_Problem description:_
All of the data needs to be printed again, exactly as written.
Segment Start: Provided information
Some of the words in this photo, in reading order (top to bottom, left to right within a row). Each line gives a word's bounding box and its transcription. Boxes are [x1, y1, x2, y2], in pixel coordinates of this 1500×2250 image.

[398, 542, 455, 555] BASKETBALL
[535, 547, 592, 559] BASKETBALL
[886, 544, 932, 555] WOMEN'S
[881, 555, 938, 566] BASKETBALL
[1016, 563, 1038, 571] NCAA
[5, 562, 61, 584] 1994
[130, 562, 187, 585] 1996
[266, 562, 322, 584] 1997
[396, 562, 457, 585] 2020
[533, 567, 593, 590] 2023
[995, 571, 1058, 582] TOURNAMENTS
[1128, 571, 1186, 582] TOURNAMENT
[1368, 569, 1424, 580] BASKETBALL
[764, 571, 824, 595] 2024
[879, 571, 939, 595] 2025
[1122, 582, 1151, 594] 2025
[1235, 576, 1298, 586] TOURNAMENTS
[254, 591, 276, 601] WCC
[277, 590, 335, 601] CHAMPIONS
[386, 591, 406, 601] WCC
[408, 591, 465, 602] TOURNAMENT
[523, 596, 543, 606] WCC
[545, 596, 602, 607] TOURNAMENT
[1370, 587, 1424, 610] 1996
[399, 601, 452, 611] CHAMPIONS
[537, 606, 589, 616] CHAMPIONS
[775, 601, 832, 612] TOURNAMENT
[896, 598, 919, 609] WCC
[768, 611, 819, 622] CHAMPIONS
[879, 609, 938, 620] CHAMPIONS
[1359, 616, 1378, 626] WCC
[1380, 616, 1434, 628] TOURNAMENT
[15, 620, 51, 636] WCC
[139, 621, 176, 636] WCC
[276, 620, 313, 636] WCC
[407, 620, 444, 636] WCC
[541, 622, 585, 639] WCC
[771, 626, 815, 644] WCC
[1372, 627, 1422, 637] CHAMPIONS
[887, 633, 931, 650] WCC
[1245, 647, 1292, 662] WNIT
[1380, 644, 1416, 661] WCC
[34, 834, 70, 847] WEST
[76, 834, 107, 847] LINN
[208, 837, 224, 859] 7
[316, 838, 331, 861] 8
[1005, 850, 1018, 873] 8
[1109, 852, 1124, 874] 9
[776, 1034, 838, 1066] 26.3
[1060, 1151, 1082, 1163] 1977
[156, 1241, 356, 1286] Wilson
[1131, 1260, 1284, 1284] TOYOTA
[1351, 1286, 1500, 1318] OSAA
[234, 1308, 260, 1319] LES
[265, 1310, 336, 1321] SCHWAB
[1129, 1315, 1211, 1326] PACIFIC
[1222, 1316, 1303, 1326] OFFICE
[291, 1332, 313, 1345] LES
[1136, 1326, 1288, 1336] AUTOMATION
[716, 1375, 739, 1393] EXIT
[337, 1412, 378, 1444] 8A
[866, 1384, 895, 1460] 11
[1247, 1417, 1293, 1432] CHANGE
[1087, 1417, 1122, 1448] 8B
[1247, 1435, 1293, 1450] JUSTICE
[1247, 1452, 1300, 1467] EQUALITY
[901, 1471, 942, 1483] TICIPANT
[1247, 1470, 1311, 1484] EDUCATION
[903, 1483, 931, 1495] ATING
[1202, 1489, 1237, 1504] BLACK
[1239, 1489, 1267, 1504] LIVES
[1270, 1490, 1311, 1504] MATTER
Segment End: Provided information
_Task solution:_
Some of the words in this photo, in reading order (top to bottom, left to right within a row). Each line gives a word's bounding box and its transcription. Boxes are [x1, y1, x2, y2], in pixel coordinates of this 1500×2250 image.

[398, 542, 455, 555] BASKETBALL
[535, 547, 592, 559] BASKETBALL
[886, 544, 932, 555] WOMEN'S
[881, 555, 938, 566] BASKETBALL
[1016, 563, 1038, 571] NCAA
[5, 562, 61, 584] 1994
[130, 562, 187, 585] 1996
[266, 562, 322, 584] 1997
[396, 562, 457, 585] 2020
[533, 567, 593, 590] 2023
[995, 571, 1058, 582] TOURNAMENTS
[1128, 571, 1186, 582] TOURNAMENT
[1368, 569, 1424, 580] BASKETBALL
[764, 571, 824, 595] 2024
[879, 571, 939, 595] 2025
[1122, 582, 1151, 594] 2025
[1235, 576, 1298, 586] TOURNAMENTS
[254, 591, 276, 601] WCC
[277, 590, 335, 601] CHAMPIONS
[386, 591, 406, 601] WCC
[408, 591, 465, 602] TOURNAMENT
[523, 596, 543, 606] WCC
[545, 596, 602, 607] TOURNAMENT
[1370, 587, 1424, 610] 1996
[399, 601, 452, 611] CHAMPIONS
[537, 606, 589, 616] CHAMPIONS
[775, 601, 832, 612] TOURNAMENT
[896, 598, 919, 609] WCC
[768, 611, 819, 622] CHAMPIONS
[879, 609, 938, 620] CHAMPIONS
[1359, 616, 1378, 626] WCC
[1380, 616, 1434, 628] TOURNAMENT
[15, 620, 51, 636] WCC
[139, 621, 176, 636] WCC
[276, 620, 313, 636] WCC
[407, 620, 444, 636] WCC
[541, 622, 585, 639] WCC
[771, 626, 815, 644] WCC
[1372, 627, 1422, 637] CHAMPIONS
[887, 633, 931, 650] WCC
[1245, 647, 1292, 662] WNIT
[1380, 644, 1416, 661] WCC
[34, 834, 70, 847] WEST
[76, 834, 107, 847] LINN
[208, 837, 224, 859] 7
[316, 838, 331, 861] 8
[1005, 850, 1018, 873] 8
[1109, 852, 1124, 874] 9
[776, 1034, 838, 1066] 26.3
[1060, 1151, 1082, 1163] 1977
[156, 1241, 356, 1286] Wilson
[1131, 1260, 1284, 1284] TOYOTA
[1351, 1286, 1500, 1318] OSAA
[234, 1308, 260, 1319] LES
[265, 1310, 336, 1321] SCHWAB
[1129, 1315, 1211, 1326] PACIFIC
[1222, 1316, 1303, 1326] OFFICE
[291, 1332, 313, 1345] LES
[1136, 1326, 1288, 1336] AUTOMATION
[716, 1375, 739, 1393] EXIT
[337, 1412, 378, 1444] 8A
[866, 1384, 895, 1460] 11
[1247, 1417, 1293, 1432] CHANGE
[1087, 1417, 1122, 1448] 8B
[1247, 1435, 1293, 1450] JUSTICE
[1247, 1452, 1300, 1467] EQUALITY
[901, 1471, 942, 1483] TICIPANT
[1247, 1470, 1311, 1484] EDUCATION
[903, 1483, 931, 1495] ATING
[1202, 1489, 1237, 1504] BLACK
[1239, 1489, 1267, 1504] LIVES
[1270, 1490, 1311, 1504] MATTER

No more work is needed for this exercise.